Rapidamente senti que era um ser diferente. Só. Quem vive na solidão da vida é
sempre diferente. Nunca o questionei a esse propósito. Não tinha esse direito. Há coisas
que devem ser respeitadas. Eu respeito-as como se entrasse num templo dedicado
a qualquer deus, não por acreditar neles, mas porque acredito na dor e no amor
de qualquer ser humano. O ritual da consulta tinha de ser respeitado. Fiquei
preocupado. A situação era muito preocupante. Falo daquilo a que se
convencionou chamar fatores de risco cardiovascular. Olhei-o. Questionei se
sabia o risco que estava a correr. Não disse nada, apenas sorriu.
Expliquei-lhe, “catedraticamente”, a situação e a urgência em ser tratado.
Quando dei por mim, já tinha escrito uma carta ao colega de serviço nas
urgências para “aliviar” de imediato a situação. Algo muito preocupante.
Dissertei como mandam as regras sobre o assunto e expliquei-lhe a minha
angústia. Sorriu. Sorria sempre com o máximo de delicadeza. – Vai agora às
urgências. O senhor corre risco muito elevado de sofrer um acidente
cardiovascular. Falei sempre num tom
baixo, profissional, acrescido da minha posição, que não era estranha ao
senhor. Reforcei as minhas opiniões. Fiquei na dúvida se iria acatar ou não as
minhas orientações. Quis acreditar que sim, mas, mesmo assim, agendei nova
consulta ao fim de alguns meses, mais para saber se as “coisas” estavam ou não
a ser controladas. Sorria agradavelmente e comportava-se com a mestria inerente
a um verdadeiro aristocrata. Passado o tempo previsto apareceu. Fiz o
interrogatório que deveria fazer e fiquei surpreendido com o facto da situação
estar praticamente na mesma. – O senhor não está a ser tratado? – Não, senhor
doutor. – Não me diga. Estou preocupado. O senhor tem que se tratar
imediatamente. Olhei-o e pensei: - O melhor é medicá-lo e pedir ao médico de
família para o acompanhar. Nova carta, nova orientação e nova explicação aliada
à “velha” preocupação. Sempre delicado, deu-me a sensação de que iria cumprir
com as determinações. Gostei daquele sorriso e a forma de estar.
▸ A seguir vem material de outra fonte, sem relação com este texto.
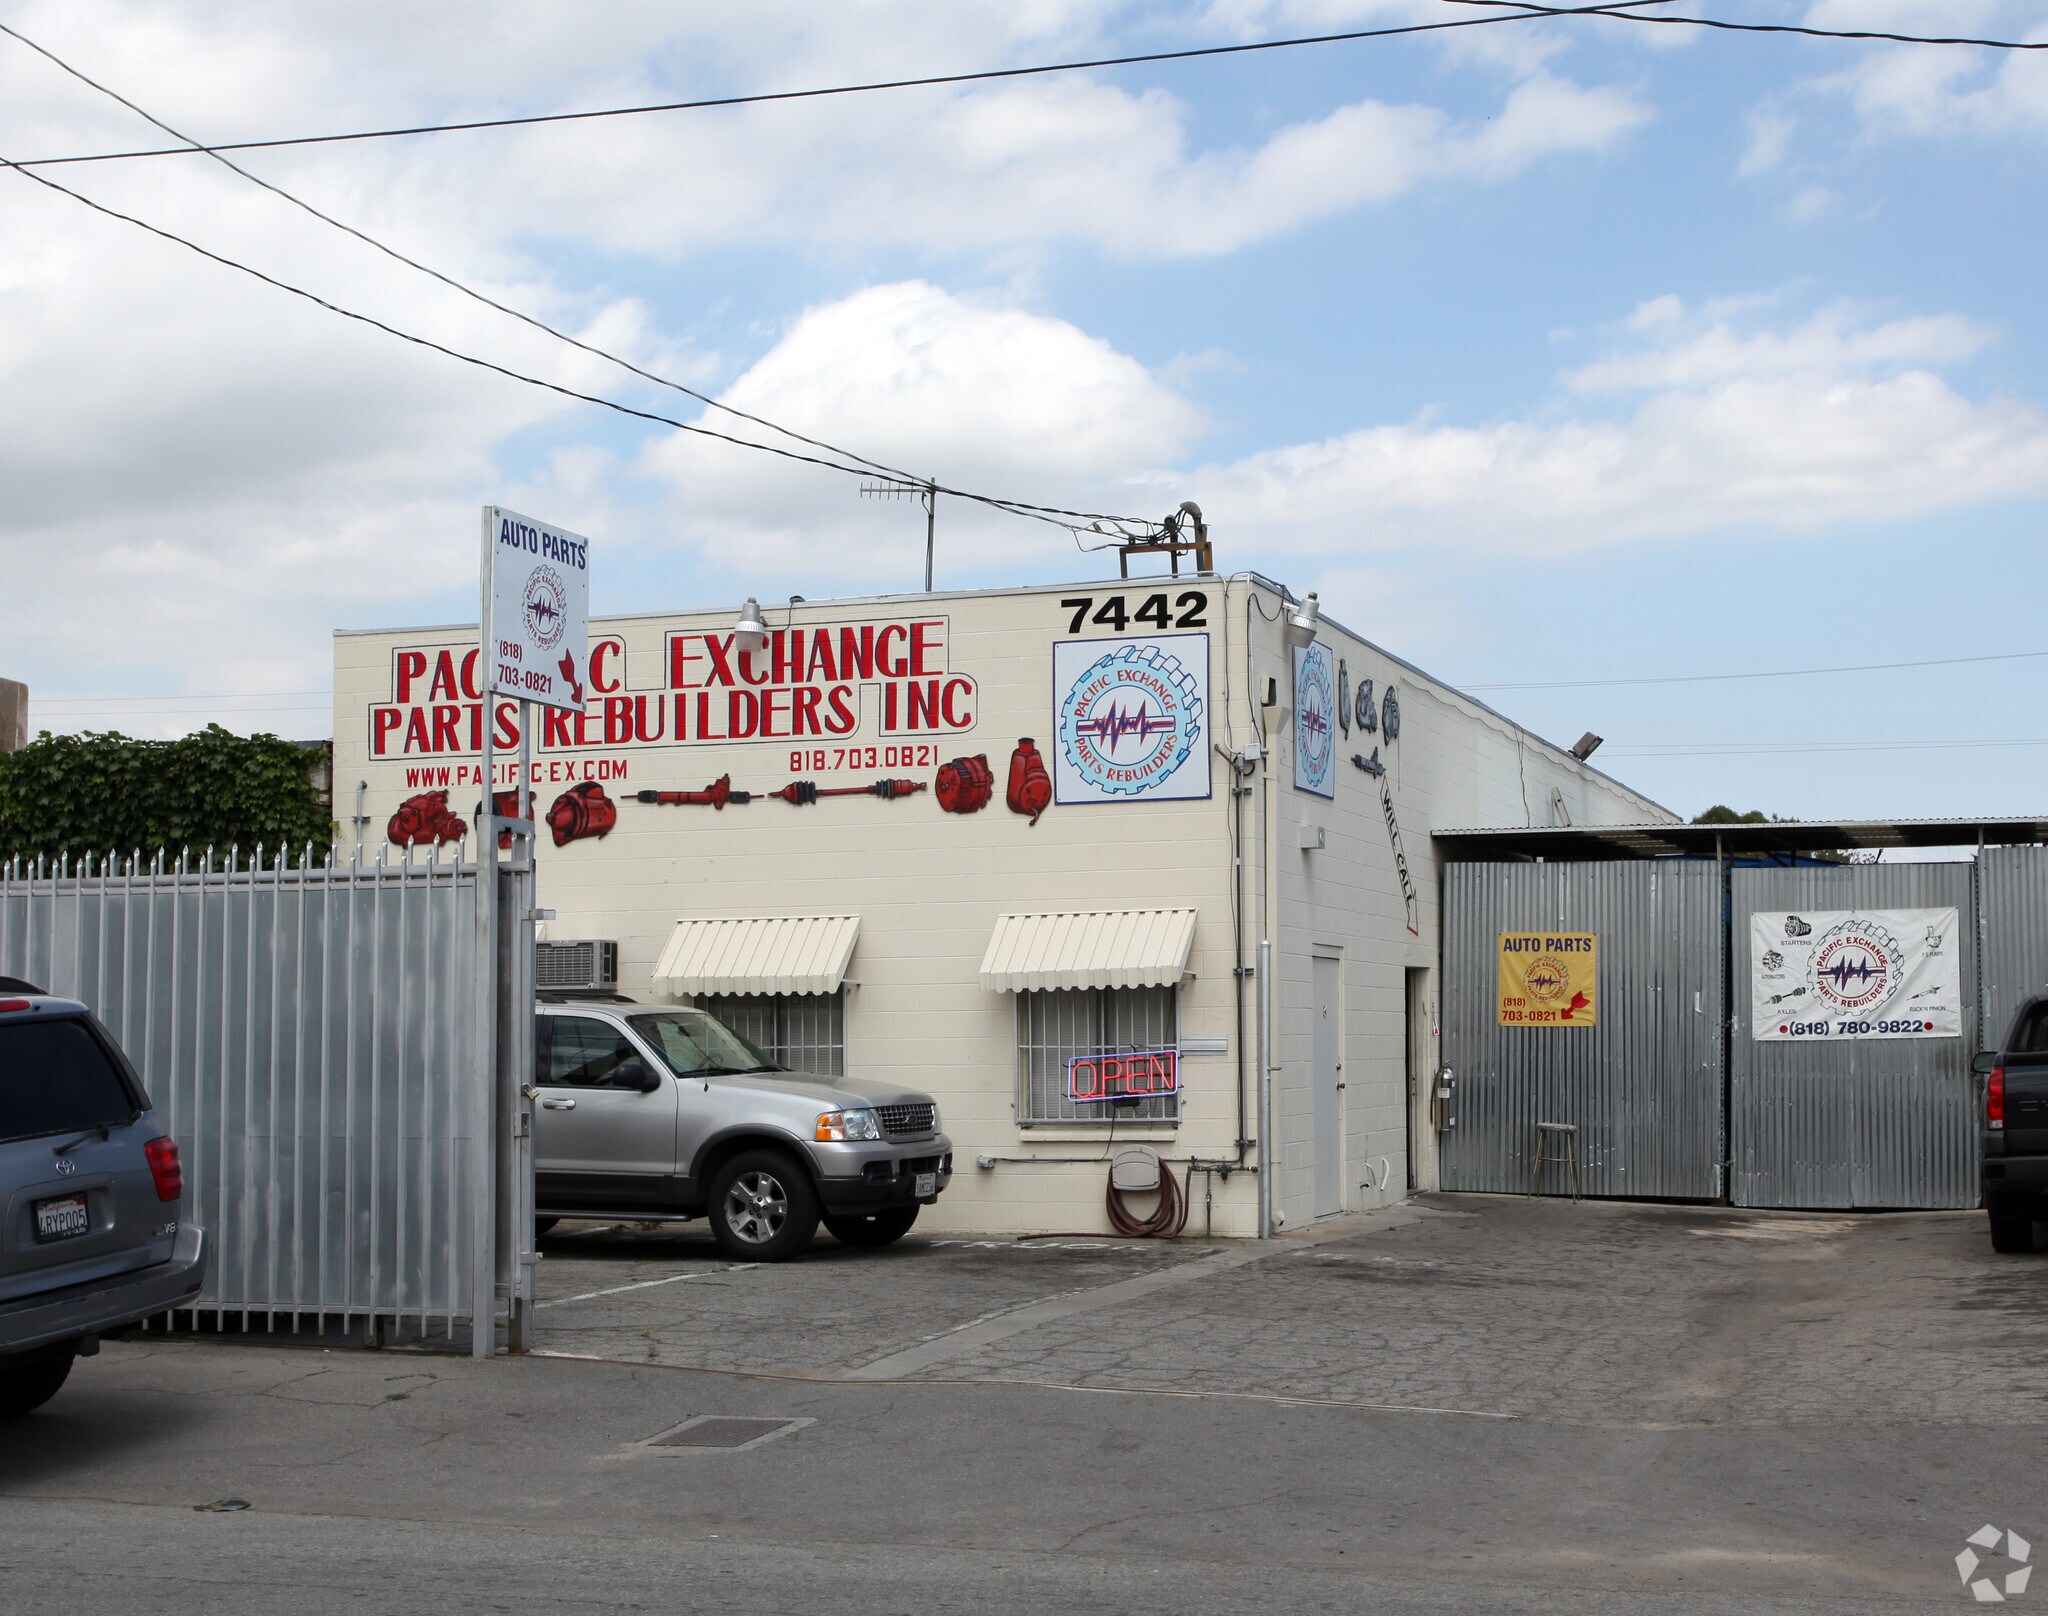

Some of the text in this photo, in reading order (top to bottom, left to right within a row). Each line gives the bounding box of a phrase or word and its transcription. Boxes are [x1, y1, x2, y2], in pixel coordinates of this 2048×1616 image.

No momento do exame de rotina fiquei convencido de
que estava tudo controlado. Conversa de nível superior acompanhada de um
sorriso que catalogo de encantador. Abri a boca de surpresa. Estava tudo na
mesma. Perguntei-lhe se estava a ser tratado. – Não, senhor doutor. – Não?! Ó
meu Deus. Mas porquê? Perguntei. Ofereceu-me o seu belo sorriso embrulhado numa
encantadora conversa. Comecei a tremer e, até, a gaguejar, o que não é meu
hábito. – Mas tem que se tratar. Tem que se tratar. Se fizer o que eu lhe estou
a dizer poderá viver sem problemas e durante muito tempo. Olhei-o cheio de
angústia e tive como resposta um belo sorriso. – Senhor doutor, não vale a pena
incomodar-se comigo. – Como? Interpelei-o. – Senhor doutor, eu não quero ser
tratado. – Como? A minha angústia ia subindo de intensidade acompanhada de uma
estranha e profunda dor. O trabalhador, culto, educado e aristocrata,
apercebeu-se da minha perturbação. – Senhor doutor, eu sei o risco que corro e
agradeço-lhe do fundo do meu coração a sua preocupação, mas não quero ser
tratado. Não fique triste e nem aborrecido. Deixe-me viver a vida como eu
quero. O raio daquele sorriso, meigo, delicado, simples e muito vivo, perturbou-me.
Pela primeira vez na minha vida, tinha à minha frente alguém a consolar-me.
Quando saiu fui até à porta. Vi-o a atravessar o longo pátio. Pensei: - Não sei
porquê, mas julgo ser a última vez que o vejo.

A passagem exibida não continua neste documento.